• About this task: Your copy should repeat each record exactly and contain none of the pictures.
START Data supplied
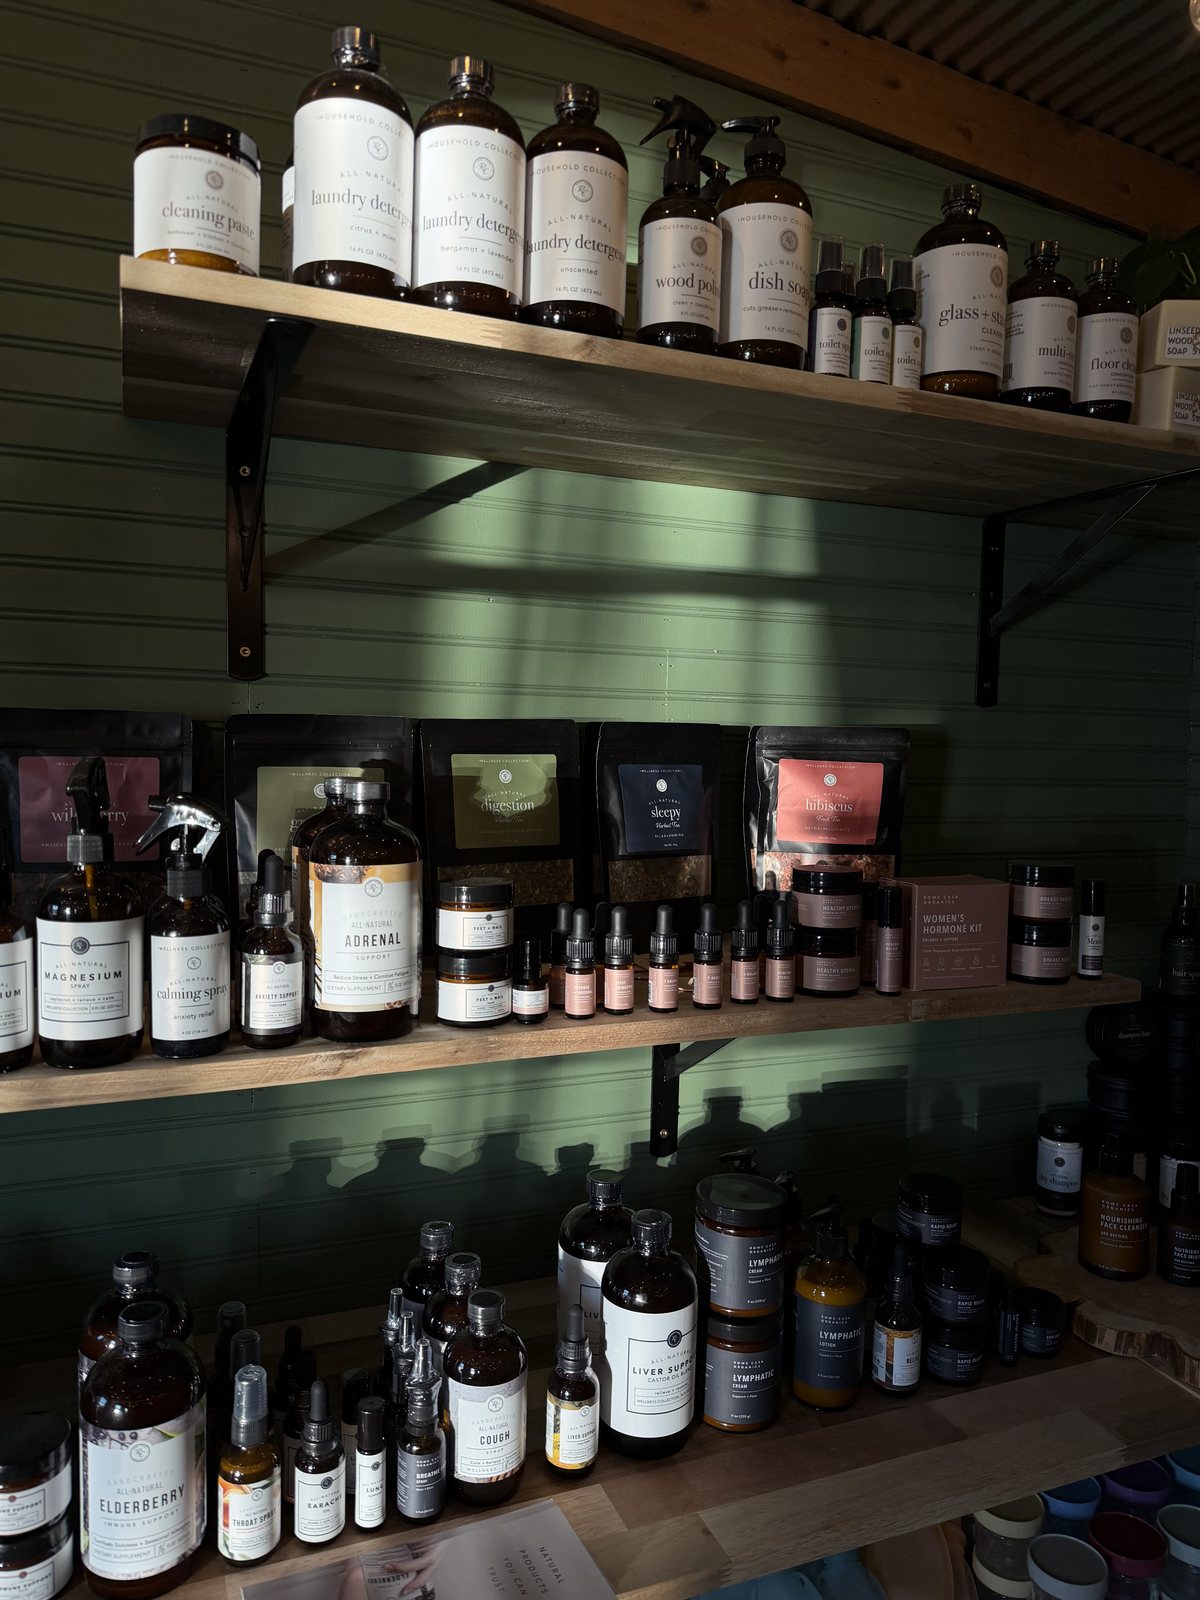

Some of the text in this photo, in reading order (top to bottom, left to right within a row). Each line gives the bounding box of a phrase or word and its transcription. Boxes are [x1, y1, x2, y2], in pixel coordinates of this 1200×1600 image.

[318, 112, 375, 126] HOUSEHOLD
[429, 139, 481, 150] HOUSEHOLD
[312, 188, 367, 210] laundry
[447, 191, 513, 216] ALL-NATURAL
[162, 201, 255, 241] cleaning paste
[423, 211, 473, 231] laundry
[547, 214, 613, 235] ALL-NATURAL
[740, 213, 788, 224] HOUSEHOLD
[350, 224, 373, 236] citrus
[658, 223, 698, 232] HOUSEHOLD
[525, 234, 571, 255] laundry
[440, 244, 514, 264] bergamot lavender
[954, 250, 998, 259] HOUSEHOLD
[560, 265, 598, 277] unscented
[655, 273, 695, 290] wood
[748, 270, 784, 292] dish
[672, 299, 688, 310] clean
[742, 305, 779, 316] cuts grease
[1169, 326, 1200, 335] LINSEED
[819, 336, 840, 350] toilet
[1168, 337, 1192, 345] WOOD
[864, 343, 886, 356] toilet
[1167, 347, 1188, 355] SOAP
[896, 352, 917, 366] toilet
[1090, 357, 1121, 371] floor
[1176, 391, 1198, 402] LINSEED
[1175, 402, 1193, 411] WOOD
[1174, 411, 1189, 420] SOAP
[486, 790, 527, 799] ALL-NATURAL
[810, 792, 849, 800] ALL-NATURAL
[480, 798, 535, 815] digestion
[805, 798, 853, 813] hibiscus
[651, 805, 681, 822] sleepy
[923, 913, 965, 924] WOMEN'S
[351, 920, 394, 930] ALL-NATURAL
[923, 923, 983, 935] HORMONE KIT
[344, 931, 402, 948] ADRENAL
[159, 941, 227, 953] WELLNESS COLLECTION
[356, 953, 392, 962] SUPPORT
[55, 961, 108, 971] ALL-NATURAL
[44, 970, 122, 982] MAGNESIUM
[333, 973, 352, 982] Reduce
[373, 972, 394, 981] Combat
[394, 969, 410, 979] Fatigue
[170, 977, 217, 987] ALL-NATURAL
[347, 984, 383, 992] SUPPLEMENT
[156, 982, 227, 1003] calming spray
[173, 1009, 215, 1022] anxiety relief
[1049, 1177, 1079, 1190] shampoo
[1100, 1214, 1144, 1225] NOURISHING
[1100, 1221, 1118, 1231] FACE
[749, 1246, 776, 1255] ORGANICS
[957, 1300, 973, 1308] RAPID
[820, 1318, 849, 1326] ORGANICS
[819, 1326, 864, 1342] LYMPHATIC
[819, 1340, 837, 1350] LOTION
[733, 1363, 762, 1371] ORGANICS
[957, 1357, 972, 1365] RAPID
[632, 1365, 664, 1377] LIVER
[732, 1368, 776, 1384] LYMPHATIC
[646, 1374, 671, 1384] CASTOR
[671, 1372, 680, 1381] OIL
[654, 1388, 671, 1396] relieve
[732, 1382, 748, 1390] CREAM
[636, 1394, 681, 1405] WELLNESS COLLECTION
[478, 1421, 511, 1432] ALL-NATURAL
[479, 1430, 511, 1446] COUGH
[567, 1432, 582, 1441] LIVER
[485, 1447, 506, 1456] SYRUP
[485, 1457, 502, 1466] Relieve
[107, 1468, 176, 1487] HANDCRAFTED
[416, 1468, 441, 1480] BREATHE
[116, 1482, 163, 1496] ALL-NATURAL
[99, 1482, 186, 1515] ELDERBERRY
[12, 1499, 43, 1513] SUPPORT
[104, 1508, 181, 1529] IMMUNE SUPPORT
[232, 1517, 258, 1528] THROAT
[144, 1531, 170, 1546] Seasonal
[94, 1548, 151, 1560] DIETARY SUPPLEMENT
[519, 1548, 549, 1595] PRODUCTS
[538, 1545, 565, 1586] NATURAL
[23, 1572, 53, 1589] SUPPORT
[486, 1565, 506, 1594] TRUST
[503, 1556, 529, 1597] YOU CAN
END Data supplied
• Solution to this problem:
Some of the text in this photo, in reading order (top to bottom, left to right within a row). Each line gives the bounding box of a phrase or word and its transcription. Boxes are [x1, y1, x2, y2], in pixel coordinates of this 1200×1600 image.

[318, 112, 375, 126] HOUSEHOLD
[429, 139, 481, 150] HOUSEHOLD
[312, 188, 367, 210] laundry
[447, 191, 513, 216] ALL-NATURAL
[162, 201, 255, 241] cleaning paste
[423, 211, 473, 231] laundry
[547, 214, 613, 235] ALL-NATURAL
[740, 213, 788, 224] HOUSEHOLD
[350, 224, 373, 236] citrus
[658, 223, 698, 232] HOUSEHOLD
[525, 234, 571, 255] laundry
[440, 244, 514, 264] bergamot lavender
[954, 250, 998, 259] HOUSEHOLD
[560, 265, 598, 277] unscented
[655, 273, 695, 290] wood
[748, 270, 784, 292] dish
[672, 299, 688, 310] clean
[742, 305, 779, 316] cuts grease
[1169, 326, 1200, 335] LINSEED
[819, 336, 840, 350] toilet
[1168, 337, 1192, 345] WOOD
[864, 343, 886, 356] toilet
[1167, 347, 1188, 355] SOAP
[896, 352, 917, 366] toilet
[1090, 357, 1121, 371] floor
[1176, 391, 1198, 402] LINSEED
[1175, 402, 1193, 411] WOOD
[1174, 411, 1189, 420] SOAP
[486, 790, 527, 799] ALL-NATURAL
[810, 792, 849, 800] ALL-NATURAL
[480, 798, 535, 815] digestion
[805, 798, 853, 813] hibiscus
[651, 805, 681, 822] sleepy
[923, 913, 965, 924] WOMEN'S
[351, 920, 394, 930] ALL-NATURAL
[923, 923, 983, 935] HORMONE KIT
[344, 931, 402, 948] ADRENAL
[159, 941, 227, 953] WELLNESS COLLECTION
[356, 953, 392, 962] SUPPORT
[55, 961, 108, 971] ALL-NATURAL
[44, 970, 122, 982] MAGNESIUM
[333, 973, 352, 982] Reduce
[373, 972, 394, 981] Combat
[394, 969, 410, 979] Fatigue
[170, 977, 217, 987] ALL-NATURAL
[347, 984, 383, 992] SUPPLEMENT
[156, 982, 227, 1003] calming spray
[173, 1009, 215, 1022] anxiety relief
[1049, 1177, 1079, 1190] shampoo
[1100, 1214, 1144, 1225] NOURISHING
[1100, 1221, 1118, 1231] FACE
[749, 1246, 776, 1255] ORGANICS
[957, 1300, 973, 1308] RAPID
[820, 1318, 849, 1326] ORGANICS
[819, 1326, 864, 1342] LYMPHATIC
[819, 1340, 837, 1350] LOTION
[733, 1363, 762, 1371] ORGANICS
[957, 1357, 972, 1365] RAPID
[632, 1365, 664, 1377] LIVER
[732, 1368, 776, 1384] LYMPHATIC
[646, 1374, 671, 1384] CASTOR
[671, 1372, 680, 1381] OIL
[654, 1388, 671, 1396] relieve
[732, 1382, 748, 1390] CREAM
[636, 1394, 681, 1405] WELLNESS COLLECTION
[478, 1421, 511, 1432] ALL-NATURAL
[479, 1430, 511, 1446] COUGH
[567, 1432, 582, 1441] LIVER
[485, 1447, 506, 1456] SYRUP
[485, 1457, 502, 1466] Relieve
[107, 1468, 176, 1487] HANDCRAFTED
[416, 1468, 441, 1480] BREATHE
[116, 1482, 163, 1496] ALL-NATURAL
[99, 1482, 186, 1515] ELDERBERRY
[12, 1499, 43, 1513] SUPPORT
[104, 1508, 181, 1529] IMMUNE SUPPORT
[232, 1517, 258, 1528] THROAT
[144, 1531, 170, 1546] Seasonal
[94, 1548, 151, 1560] DIETARY SUPPLEMENT
[519, 1548, 549, 1595] PRODUCTS
[538, 1545, 565, 1586] NATURAL
[23, 1572, 53, 1589] SUPPORT
[486, 1565, 506, 1594] TRUST
[503, 1556, 529, 1597] YOU CAN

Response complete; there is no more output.